(Free-text object descriptions)
↓
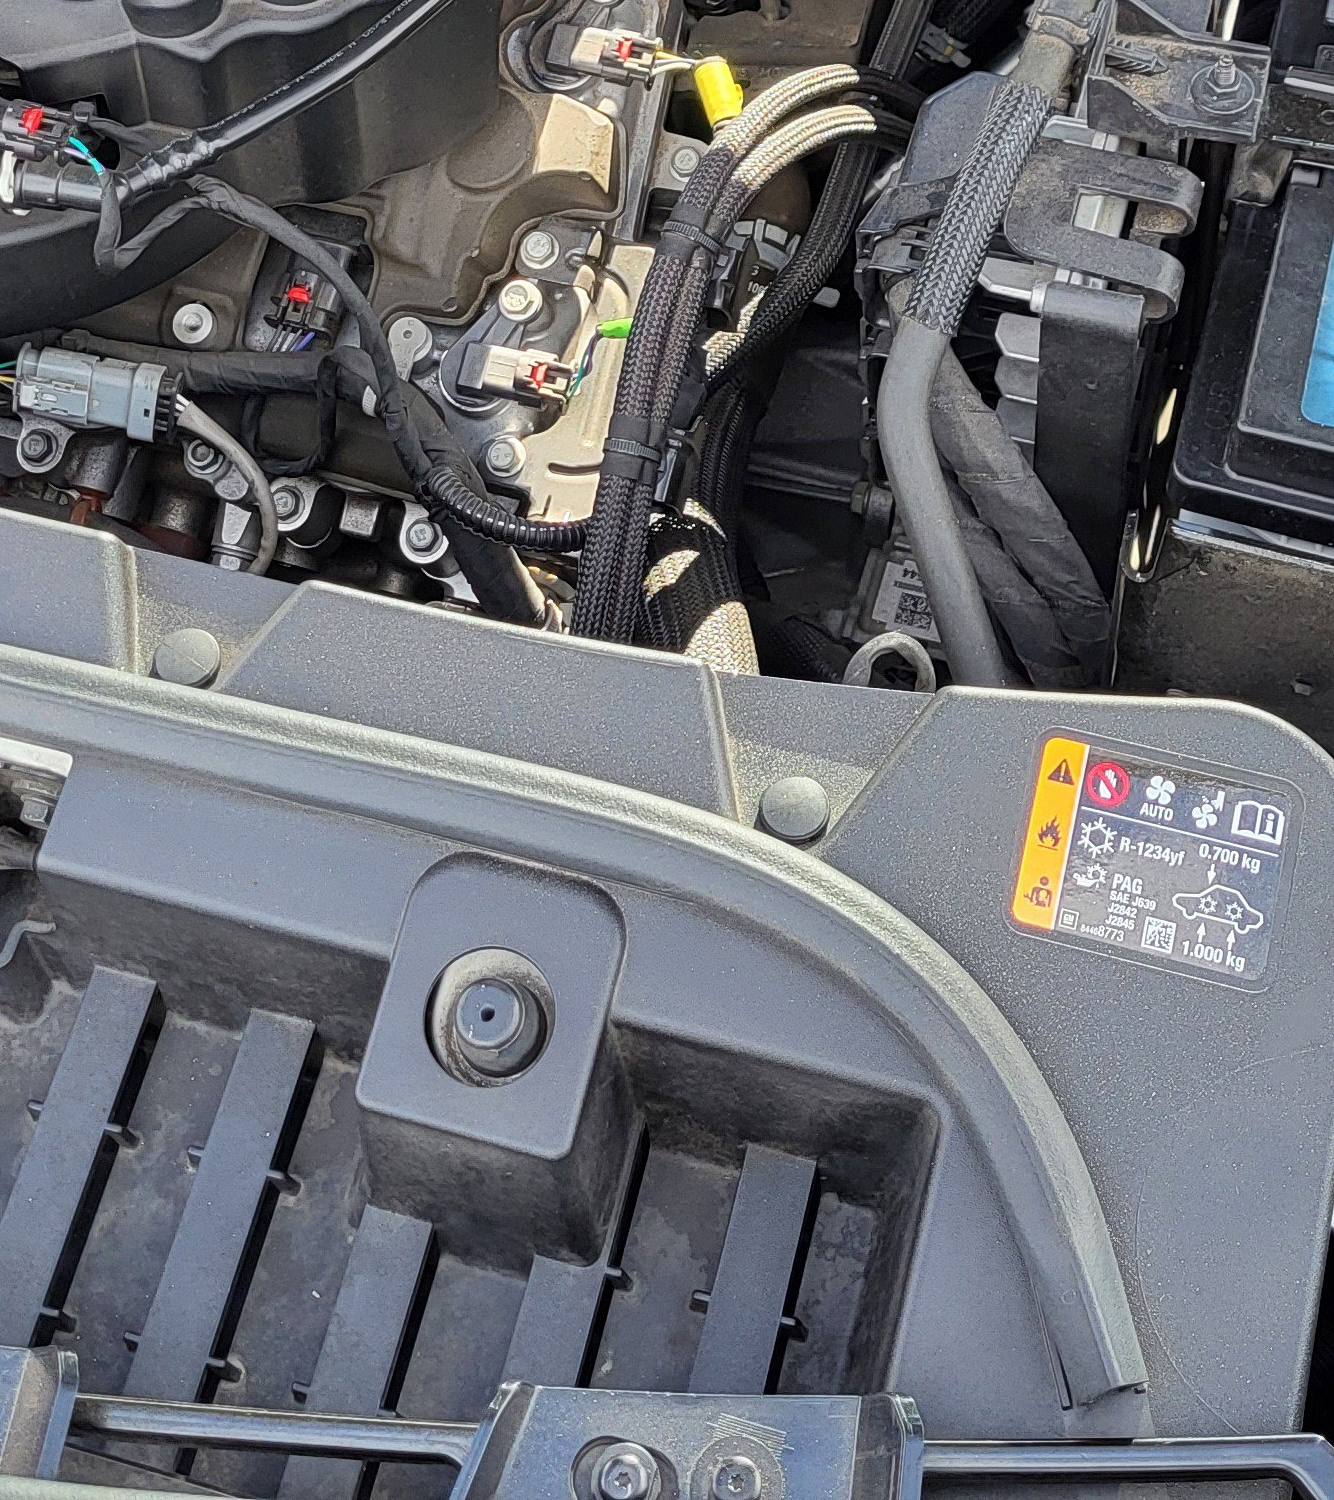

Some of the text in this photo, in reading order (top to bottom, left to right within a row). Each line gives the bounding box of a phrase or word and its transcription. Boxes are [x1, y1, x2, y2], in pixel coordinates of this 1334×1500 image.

[1139, 802, 1174, 822] AUTO
[1119, 839, 1185, 867] R-1234yf
[1199, 843, 1261, 874] 0.700 kg
[1113, 873, 1143, 894] PAG
[1107, 901, 1138, 919] J2842
[1110, 890, 1157, 911] SAE J639
[1105, 913, 1136, 930] J2845
[1182, 940, 1246, 971] 1.000 kg
↑
- **YOUR INSTRUCTIONS**:
Restate the records in full and word for word, but keep the pictures out.

- **RESULT OF THE EXERCISE**:
Some of the text in this photo, in reading order (top to bottom, left to right within a row). Each line gives the bounding box of a phrase or word and its transcription. Boxes are [x1, y1, x2, y2], in pixel coordinates of this 1334×1500 image.

[1139, 802, 1174, 822] AUTO
[1119, 839, 1185, 867] R-1234yf
[1199, 843, 1261, 874] 0.700 kg
[1113, 873, 1143, 894] PAG
[1107, 901, 1138, 919] J2842
[1110, 890, 1157, 911] SAE J639
[1105, 913, 1136, 930] J2845
[1182, 940, 1246, 971] 1.000 kg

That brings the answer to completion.